• TASK INSTRUCTIONS
Would you return the records below character for character, without any images?

• PROVIDED DATA
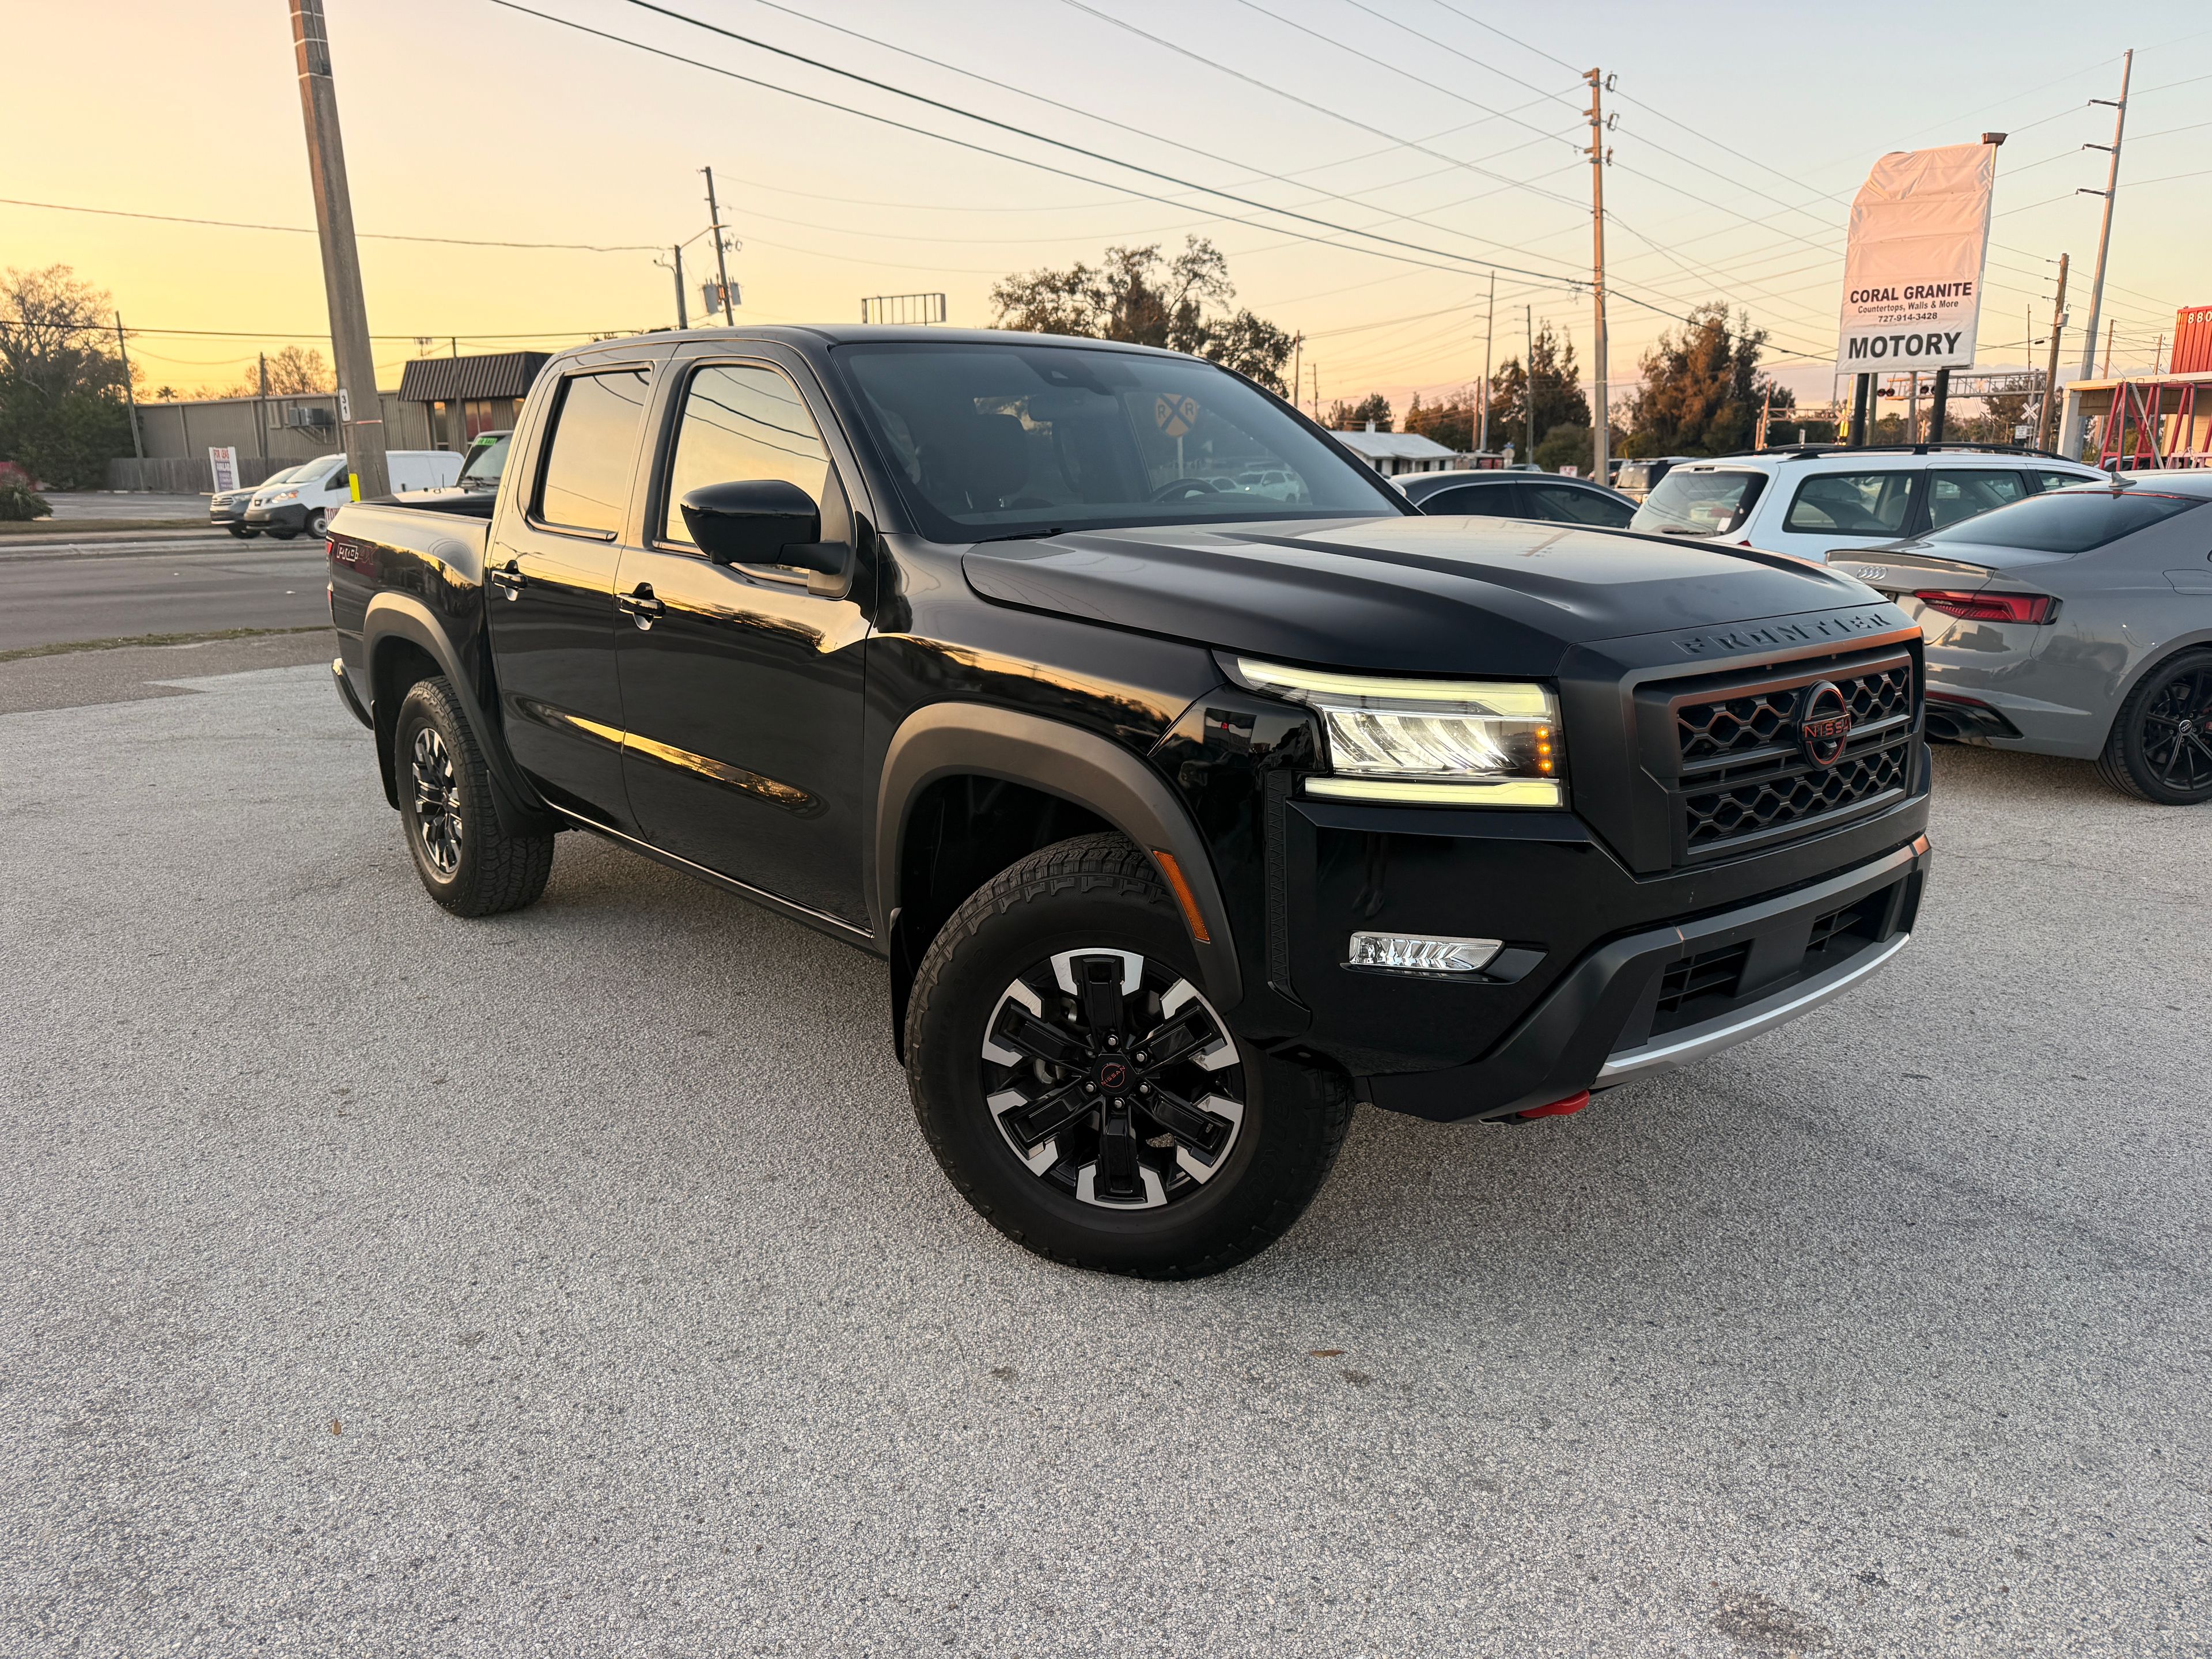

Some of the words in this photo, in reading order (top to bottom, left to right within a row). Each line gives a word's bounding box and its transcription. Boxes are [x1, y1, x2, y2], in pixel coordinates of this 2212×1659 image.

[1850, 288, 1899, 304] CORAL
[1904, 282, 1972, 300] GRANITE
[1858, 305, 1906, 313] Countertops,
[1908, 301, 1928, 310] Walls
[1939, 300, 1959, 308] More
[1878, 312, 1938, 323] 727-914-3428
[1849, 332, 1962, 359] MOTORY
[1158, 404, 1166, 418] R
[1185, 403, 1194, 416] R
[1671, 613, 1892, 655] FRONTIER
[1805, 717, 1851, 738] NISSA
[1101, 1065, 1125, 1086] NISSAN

• RESPONSE BOX
Some of the words in this photo, in reading order (top to bottom, left to right within a row). Each line gives a word's bounding box and its transcription. Boxes are [x1, y1, x2, y2], in pixel coordinates of this 2212×1659 image.

[1850, 288, 1899, 304] CORAL
[1904, 282, 1972, 300] GRANITE
[1858, 305, 1906, 313] Countertops,
[1908, 301, 1928, 310] Walls
[1939, 300, 1959, 308] More
[1878, 312, 1938, 323] 727-914-3428
[1849, 332, 1962, 359] MOTORY
[1158, 404, 1166, 418] R
[1185, 403, 1194, 416] R
[1671, 613, 1892, 655] FRONTIER
[1805, 717, 1851, 738] NISSA
[1101, 1065, 1125, 1086] NISSAN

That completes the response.